How JomDeals updates listings
This page explains where listing data comes from, what a verification date means, and how correction reports and merchant-side updates are handled.
Official source link
When available, a listing should point to the merchant or campaign source that supports the core claim.
Verification date
This means the page details were reviewed on that date. It does not mean the merchant cannot change the terms later.
Correction path
If a reader or merchant sees a problem, there should be a direct route to report it.
Where listing information comes from
Listings are built from publicly available merchant and campaign information, plus JomDeals editorial notes that try to make the redemption process easier to understand.
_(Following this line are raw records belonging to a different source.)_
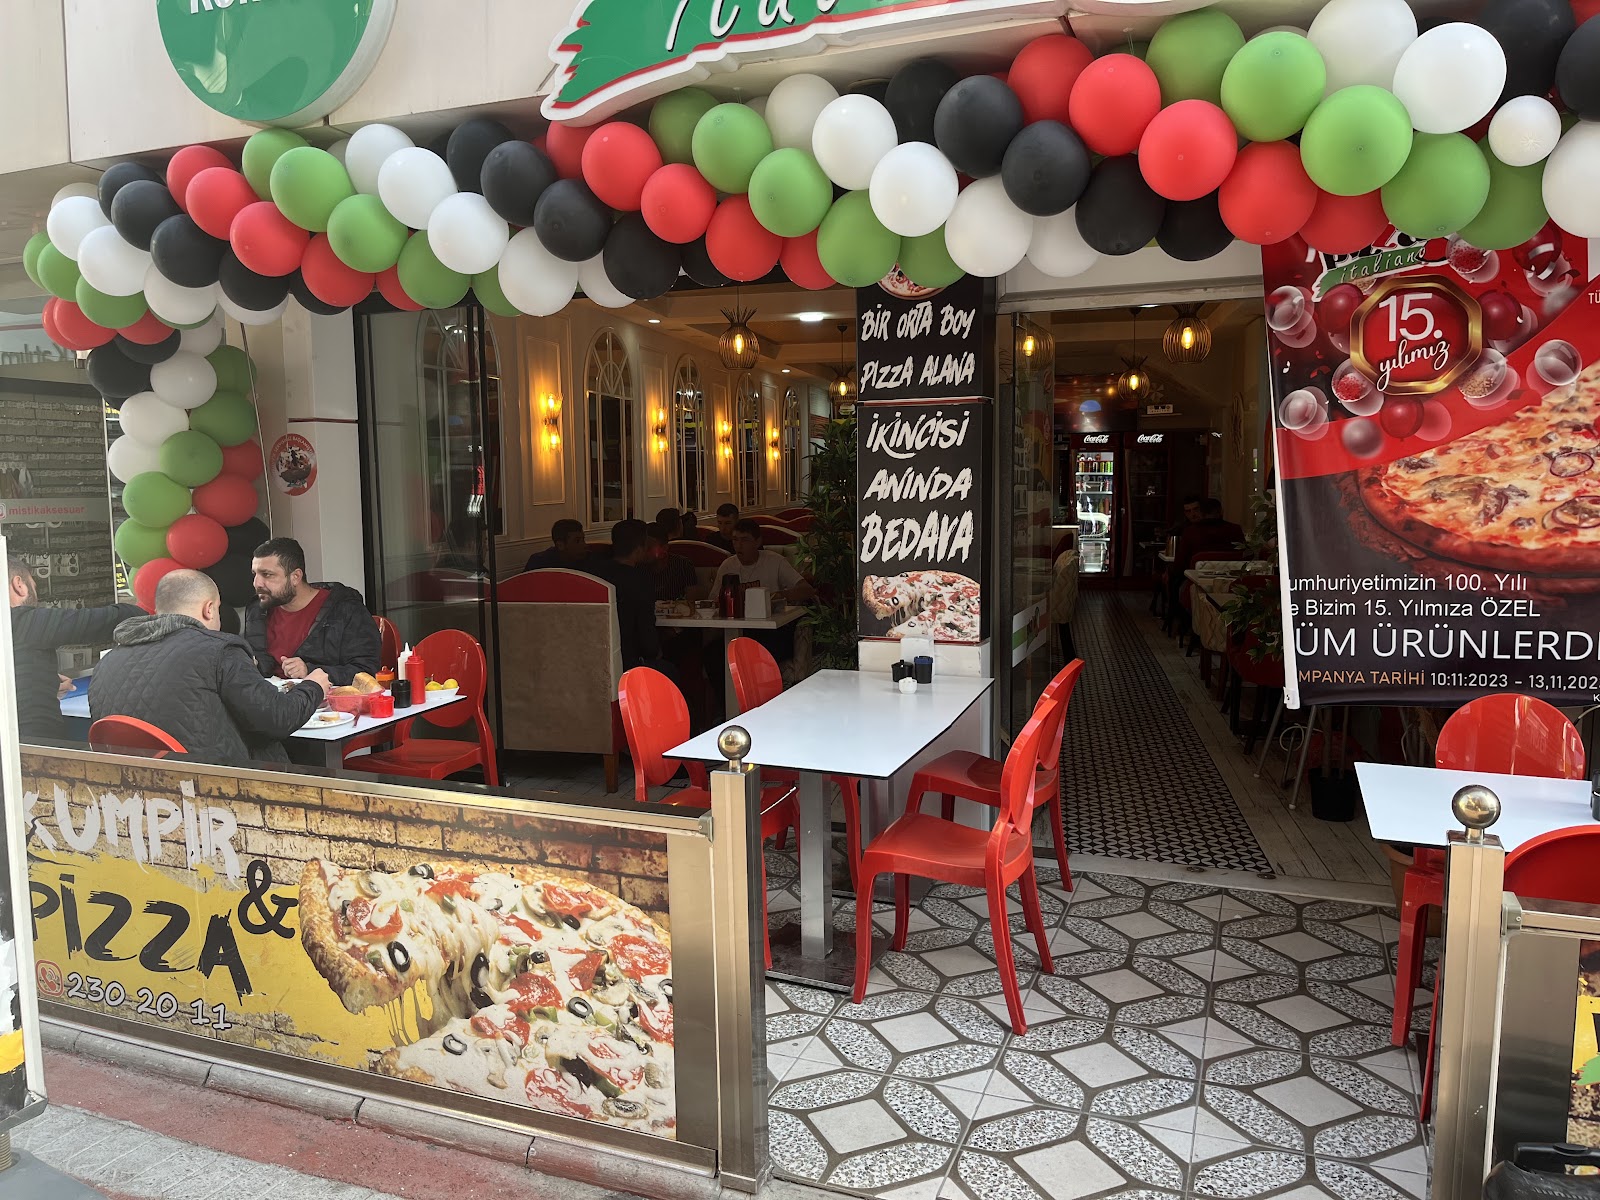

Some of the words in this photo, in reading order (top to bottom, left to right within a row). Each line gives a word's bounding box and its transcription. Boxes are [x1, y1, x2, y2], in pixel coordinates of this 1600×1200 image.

[1340, 247, 1425, 283] italiano
[897, 301, 934, 340] ORTA
[940, 303, 976, 339] BOY
[1379, 293, 1442, 342] 15.
[860, 356, 914, 393] PIZZA
[919, 351, 975, 386] ALANA
[1377, 339, 1450, 391] yılımız
[866, 411, 970, 459] İKİNCİSİ
[863, 466, 973, 502] ANINDA
[9, 506, 85, 515] mistikaksesuar
[860, 510, 974, 563] BEDAVA
[1444, 573, 1487, 591] 100.
[1494, 573, 1527, 591] Yılı
[1305, 599, 1356, 616] Bizim
[1364, 599, 1392, 616] 15.
[1399, 599, 1473, 617] Yılmıza
[1481, 596, 1541, 617] ÖZEL
[1372, 622, 1600, 661] ÜRÜNLERD
[1370, 669, 1425, 685] TARİHİ
[1430, 672, 1508, 687] 10:11:2023
[1528, 674, 1600, 691] 13,11,202
[67, 972, 126, 1007] 230
[136, 988, 179, 1020] 20
[190, 1000, 232, 1031] 11
Those notes should not override the merchant's official terms. If there is a mismatch, the official source should win.
What triggers an update
- A reader reports a broken link, expired campaign, or wrong claim step.
- A merchant or agency sends an official correction or update.
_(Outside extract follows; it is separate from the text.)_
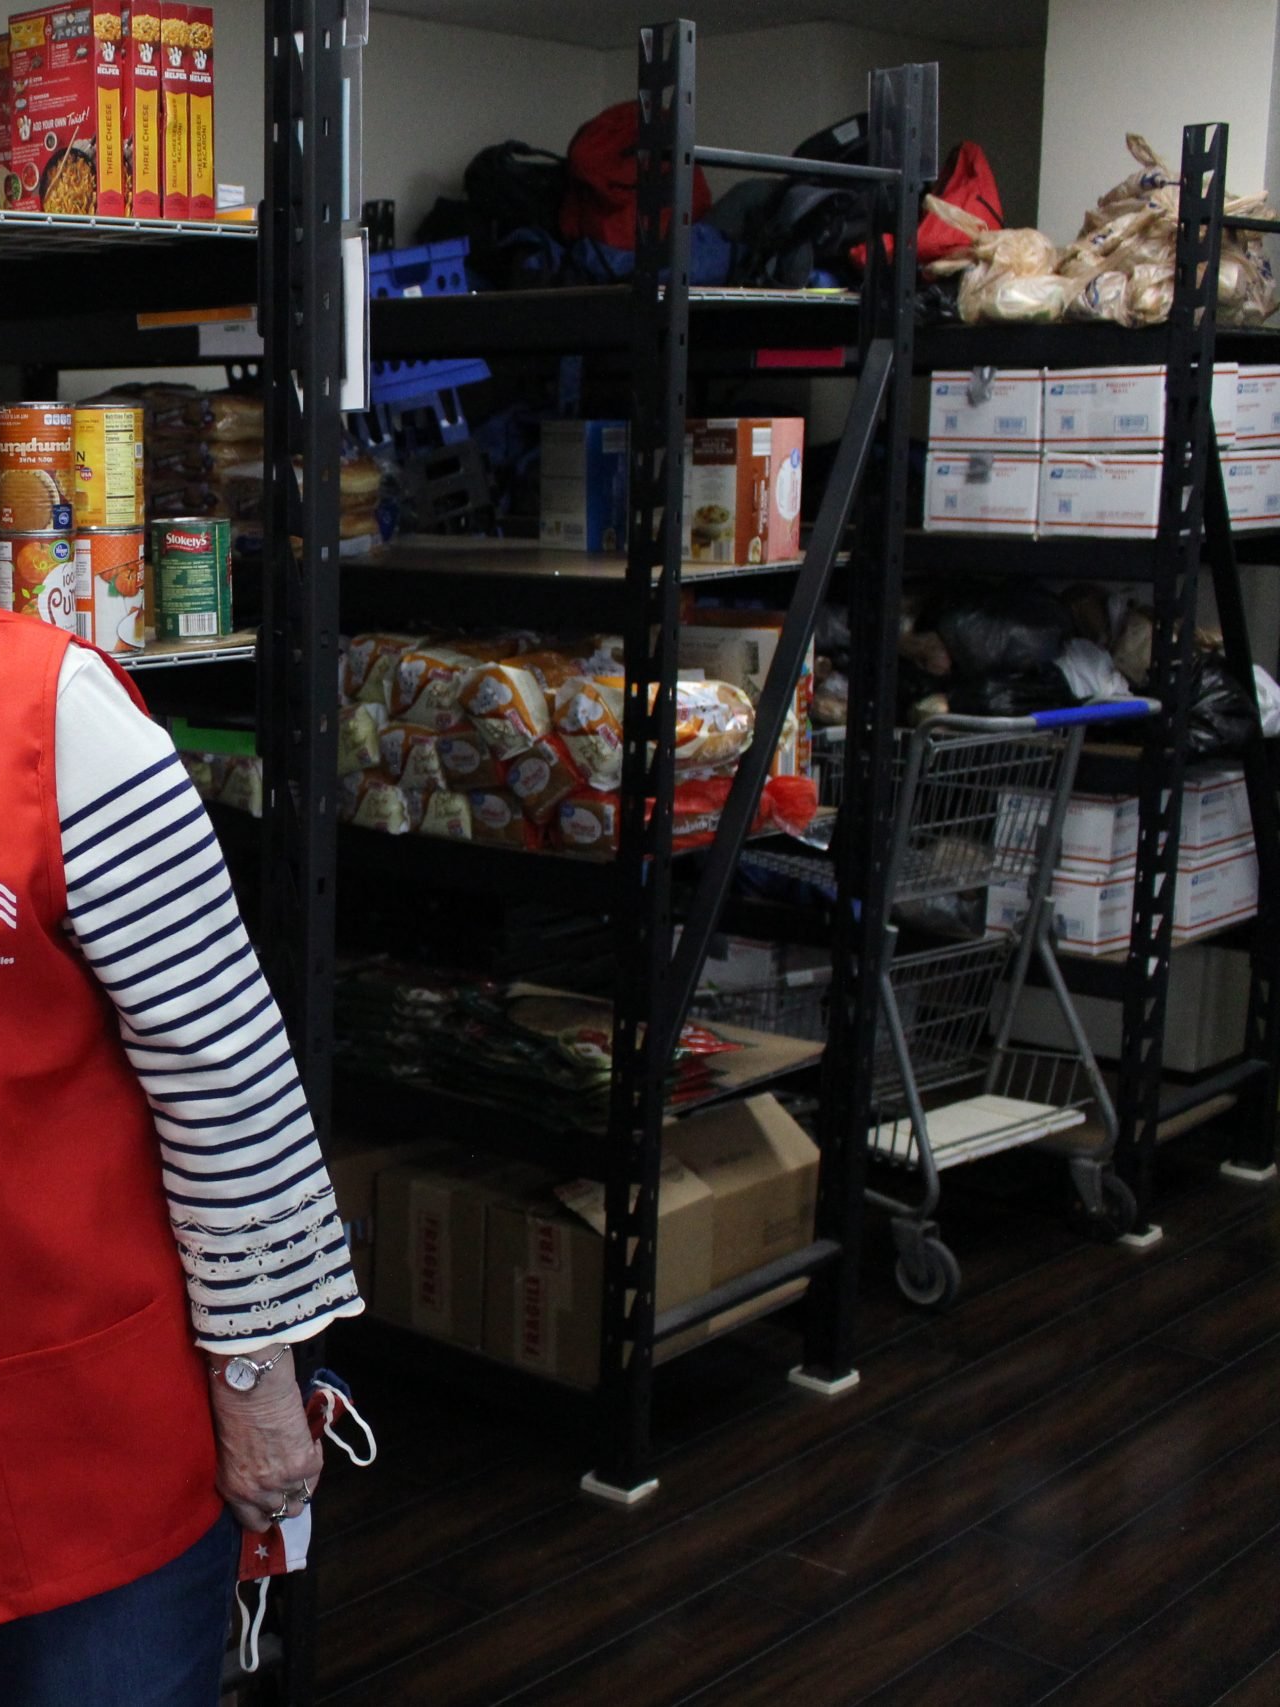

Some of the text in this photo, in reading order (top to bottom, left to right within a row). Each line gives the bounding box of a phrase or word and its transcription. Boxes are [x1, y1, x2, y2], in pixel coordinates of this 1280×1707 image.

- The page is manually reviewed and the terms no longer match the source.
What happens after a report
The goal is to check the source, confirm the mismatch, and then revise or remove the page as needed.
No fixed turnaround is promised here because the volume and complexity of reports can vary. What matters is that the route exists and the process stays honest.
What merchants should send
- The exact JomDeals page URL if an existing listing needs correction.
- An official source URL that supports the updated terms.
- The claim conditions that usually cause confusion: outlet participation, app requirement, date window, minimum spend, or member-only rules.
What a verification date does not mean
- It does not guarantee the offer is still active right now.
- It does not mean every branch or outlet will honor the promotion.
- It does not replace the merchant's final terms and staff handling.
Public changelog status
There is not yet a public issue-by-issue corrections log. If one is added later, it should only show real updates and real dates, not placeholder entries.
Until then, the public proof points are the page's source link, verification date, and visible correction routes.